A fresh Apple research report has doused water on the AI sector's most daring aspiration: achieving Artificial General Intelligence (AGI).
The report, "The Illusion of Thinking," demonstrates that even advanced thinking models like Claude 3.7 and Deepseek-R1 crash when presented with high-complexity challenges, their performance dropping to zero as problems get tougher to solve.
While Apple's results have challenged the "reasoning" abilities of contemporary frontier models, Google and big gaming houses are going all-in on data collection — hoping behavioral data, not model size, could hold the solution to AGI.
Apple researchers tested AI models on algorithmic problems such as Tower of Hanoi and River Crossing. Models excelled at low-level tasks but fell apart hopelessly at higher levels of complexity, even when given explicit solving commands.
As this one researcher put it, the models "learn patterns well enough, but when the questions get modified or the level of complexity is increased, they fall completely apart."
AI critic Gary Marcus framed Apple's findings as a "knockout blow" to the hype, and he further said that convincing LLMs have a superficial veneer that obscures the absence of substantial reasoning.
Meanwhile, Google continues to work on Project Mariner, a multi-agent system that can surf the web, book flights, and purchase items for users on their own. With training on massive user interaction data, Google's agents "learn by doing" without the reason-giving constraints Apple raised.
DeepMind CEO Demis Hassabis argued at Google I/O 2025 that, "AGI isn't about passing logic puzzles. It's about navigating the real world."
Video game developers are also entering the fray as unexpected heavyweights. With 3.4 billion gamers globally generating $177 billion annually, gaming data is now considered to be a goldmine for AI training.
Every in-game decision — a botched parry or heroic heal creates clean, high-frequency samples of human cognition under stress. The data already is being used to train AI agents for logistics, medicine, and even autonomous vehicles.
But with the introduction of eye-tracking headsets and pulse-reading haptics came concerns over privacy, which have spurred the creation of new regulations like the EU's AI Act and zero-knowledge proofs to ensure secure and auditable data transfer.

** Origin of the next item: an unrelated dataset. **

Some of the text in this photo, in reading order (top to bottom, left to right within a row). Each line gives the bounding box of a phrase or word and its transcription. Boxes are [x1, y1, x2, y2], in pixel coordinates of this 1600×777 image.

Apple's Reality Check: "Reasoning" AI Can't Think
Apple's efforts foretell a revolutionary size limit for current LLMs and LRMs: additional data or parameters simply make better pattern-matchers, not wiser thinkers. The models' performance disintegrates dramatically as irrelevant information or slight perturbations are introduced, and "chains of thought" are actually statistical computations and not actual reasoning. That is why the AI competition is shifting from model size to data quality and variety.

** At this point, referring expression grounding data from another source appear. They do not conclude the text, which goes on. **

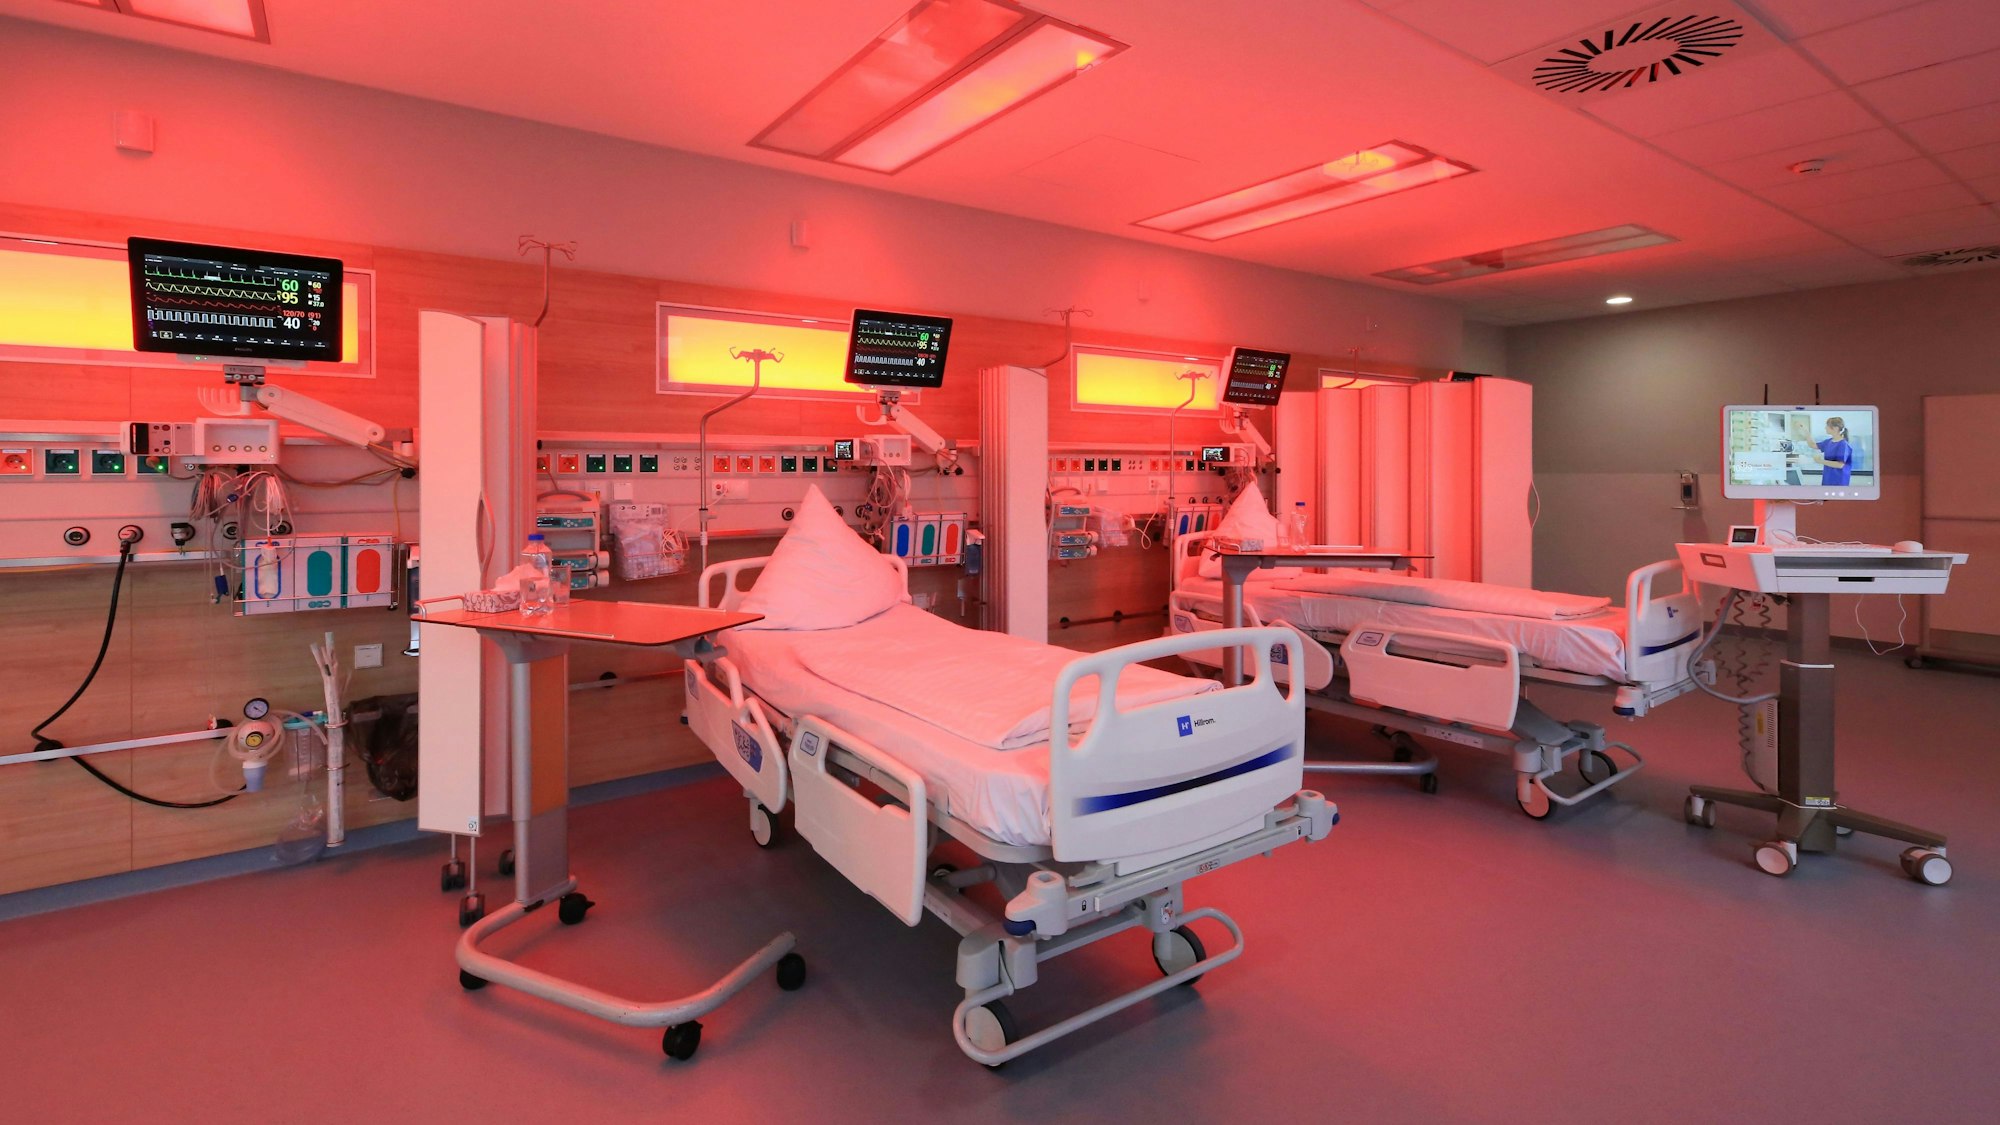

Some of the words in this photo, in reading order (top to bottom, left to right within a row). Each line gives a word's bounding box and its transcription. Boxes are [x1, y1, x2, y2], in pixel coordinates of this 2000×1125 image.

[282, 279, 299, 291] 60
[281, 291, 299, 305] 95
[282, 310, 305, 318] 120/70
[284, 317, 300, 329] 40
[920, 333, 929, 341] 60
[919, 342, 928, 350] 95
[916, 358, 926, 366] 40

This change is inciting a new war on proprietary data. Google's Project Mariner and other intermediaries rely on web-scale behavioral data, and game studios market in-game telemetry as "AGI fuel" for next-generation model training.
The industry is also witnessing the advent of blockchain-enabled data marketplaces such as Nokia's Data Marketplace, which enables secure, federated data and AI model trading for collaborative learning and monetization. They use blockchain and zero-knowledge proof to offer provenance, auditability, and privacy. They resolve both regulatory and ethical challenges.
The stakes are high: with the "illusion of thinking" in LLMs exposed, the next AI innovation could occur in who owns and operates the richest, most valuable datasets — not necessarily who trains the biggest models. Apple's restraint may slow down the hype cycle, but it's also speeding up the game among technology leaders, game studios, and blockchain innovators to own the future of data.
Analysis & Industry Implications
Apple's research identifies a basic scaling limit to present-day LLMs and LRMs: more data or parameters simply make better pattern detectors, not wiser thinkers. The models' performance disintegrates rapidly if one provides them with irrelevant data or tweaks them slightly, such that "chains of thought" are actually just statistical calculations, not genuine reasoning.
Therefore, the AI competition is shifting from model size to diversity and quality of data.
This change is fueling a new war for proprietary data sets. Google's Project Mariner and similar agents rely on web-scale behavioral information, while game studios profit from selling telemetry within games as "AGI fuel" employed to train future models.
The industry is also witnessing the rise of blockchain-driven data marketplaces such as Nokia's Data Marketplace, providing secure, federated exchange of data and AI models for collective learning and monetization.
These platforms use blockchain and zero-knowledge proofs to offer provenance, auditability, and confidentiality, meeting regulatory as well as ethical standards.
The stakes are high: with LLMs' "illusion of thinking" exposed, the next AI advance might not be made by whoever can build the biggest models, but by whoever controls and structures the richest, most useful datasets.
Apple's warning might slow the hype cycle, but it's also accelerating the competition between tech companies, game studios, and blockchain innovators for the future of data.